35 Damages for non-economic loss limited
(1) Unless the court orders otherwise under subsection (2), the maximum amount of damages for non-economic loss that may be awarded in defamation proceedings is $250,000 or any other amount adjusted in accordance with this section from time to time (the maximum damages amount) that is applicable at the time damages are awarded.
(2) A court may order a defendant in defamation proceedings to pay damages for non-economic loss that exceed the maximum damages amount applicable at the time the order is made if, and only if, the court is satisfied that the circumstances of the publication of the defamatory matter to which the proceedings relate are such as to warrant an award of aggravated damages.
…
[The present amount declared for the purposes of s 35 (1) is $407,500: Gazette No 55 of 31.5.2019, p 1665.]
…
(4) The amount declared is to be the amount applicable under subsection (1) (or that amount as last adjusted under this section) adjusted by the percentage change in the amount estimated by the Australian Statistician of the average weekly total earnings of full-time adults in Australia over the 4 quarters preceding the date of the declaration for which those estimates are, at that date, available.

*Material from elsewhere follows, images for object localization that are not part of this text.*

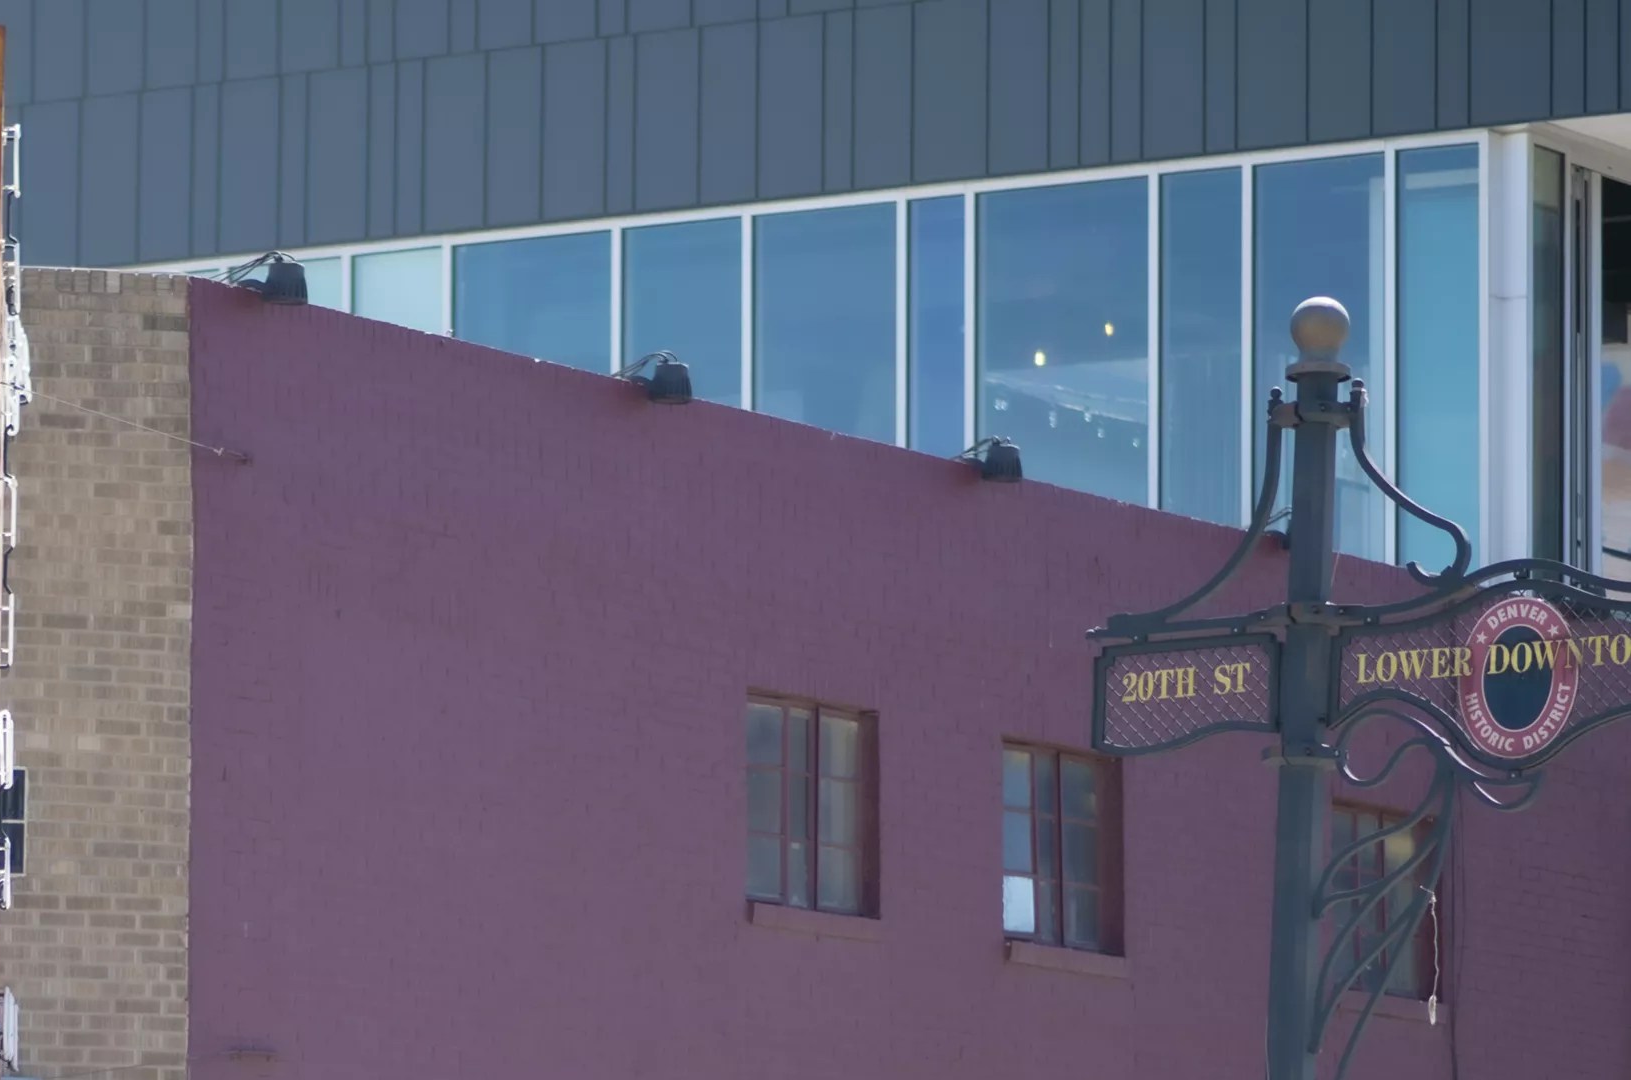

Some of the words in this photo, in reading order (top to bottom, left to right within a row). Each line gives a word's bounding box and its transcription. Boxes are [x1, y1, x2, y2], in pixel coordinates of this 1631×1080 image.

[1486, 602, 1548, 629] DENVER
[1121, 666, 1198, 704] 20TH
[1212, 663, 1252, 695] ST
[1355, 647, 1473, 685] LOWER
[1464, 691, 1517, 752] HISTORIC
[1522, 682, 1572, 751] DISTRICT
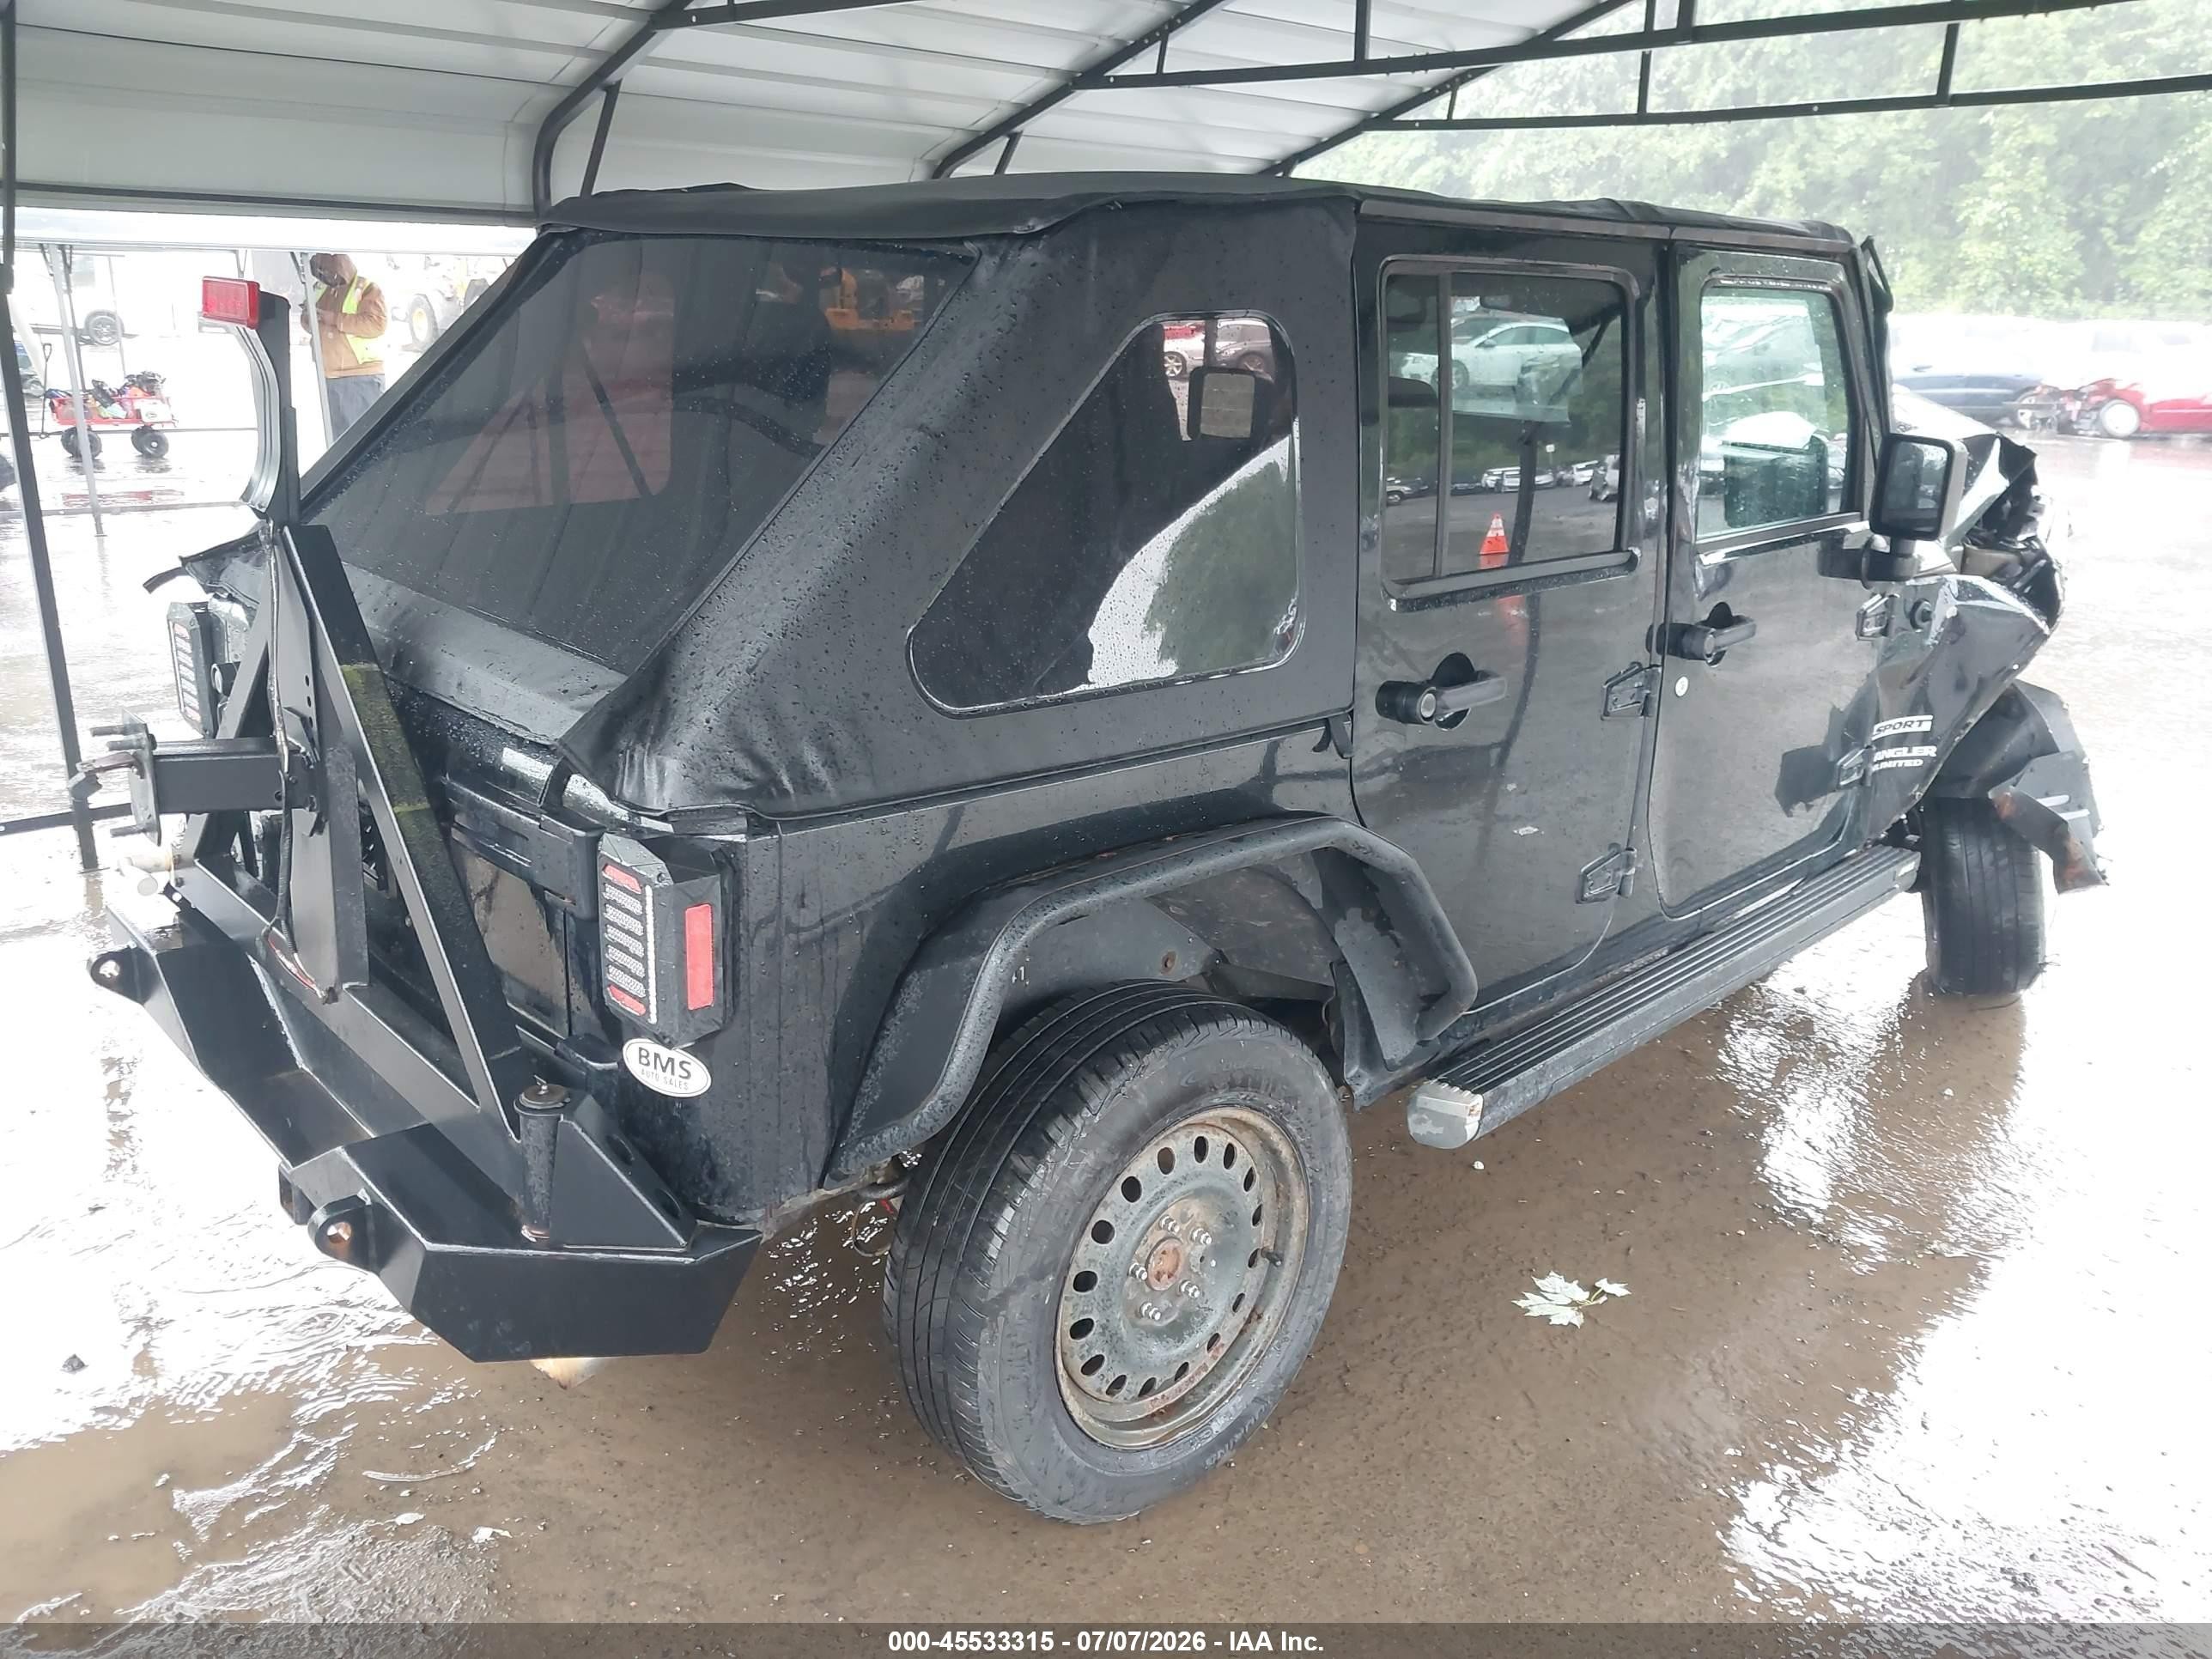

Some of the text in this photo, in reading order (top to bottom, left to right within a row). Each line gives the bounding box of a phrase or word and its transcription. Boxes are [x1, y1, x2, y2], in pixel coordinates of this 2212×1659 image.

[1875, 720, 1924, 732] SPORT
[638, 1047, 691, 1079] BMS
[641, 1068, 689, 1091] AUTO SALES
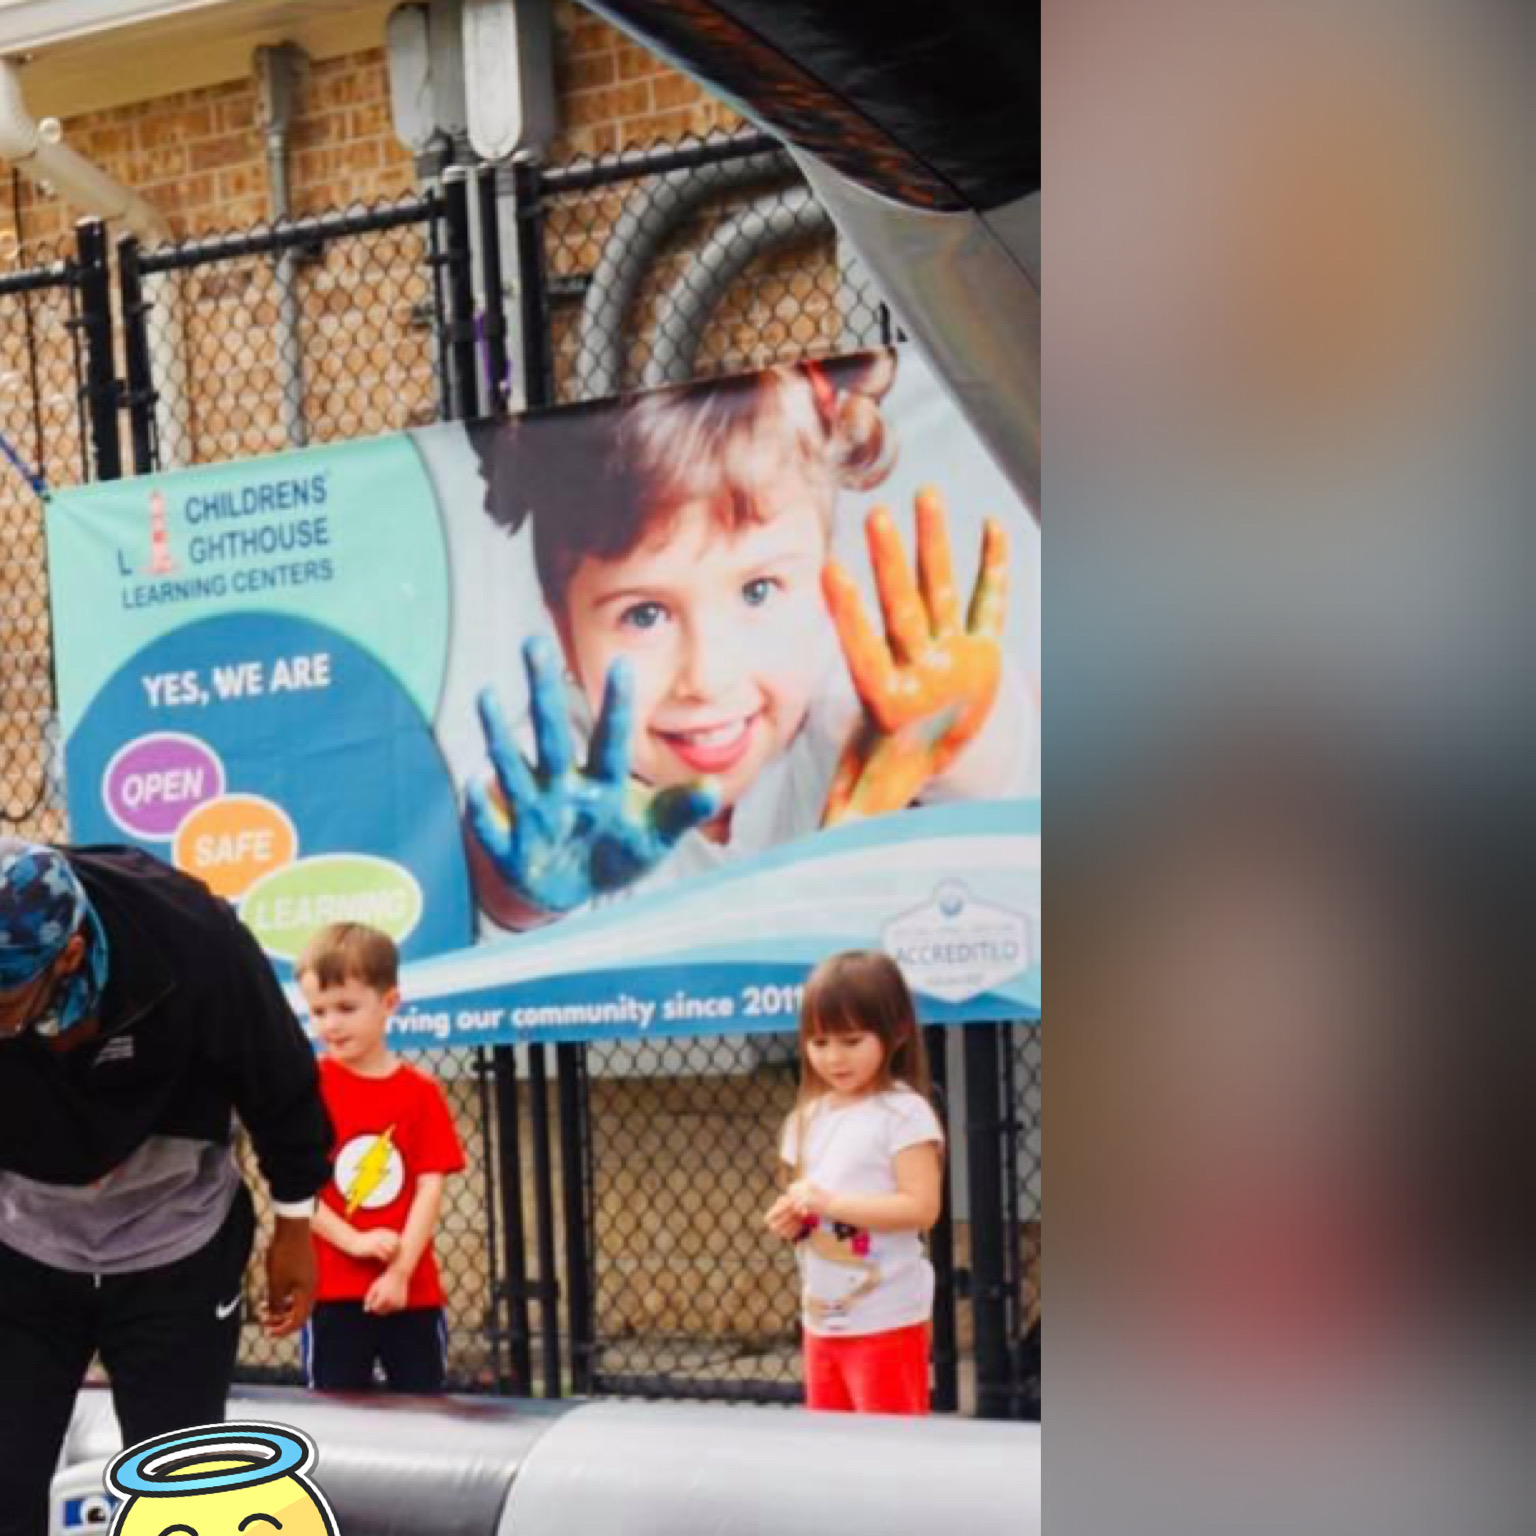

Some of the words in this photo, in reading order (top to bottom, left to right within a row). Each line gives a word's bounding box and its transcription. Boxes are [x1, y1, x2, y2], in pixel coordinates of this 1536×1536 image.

[185, 475, 328, 524] CHILDRENS
[122, 575, 227, 609] LEARNING
[232, 558, 333, 592] CENTERS
[142, 670, 210, 707] YES,
[212, 662, 263, 700] WE
[270, 653, 332, 693] ARE
[122, 767, 204, 808] OPEN
[195, 828, 273, 867] SAFE
[257, 885, 407, 931] LEARNING
[385, 1006, 450, 1038] rving
[457, 1008, 504, 1030] our
[512, 994, 657, 1029] community
[663, 989, 735, 1020] since

(5) An amount declared for the time being under this section applies to the exclusion of the amount of $250,000 or an amount previously adjusted under this section.
…
(8) A declaration made or published in the Gazette after 1 July in a year and specifying a date that is before the date it is made or published as the date from which the amount declared by the order is to apply has effect as from that specified date.”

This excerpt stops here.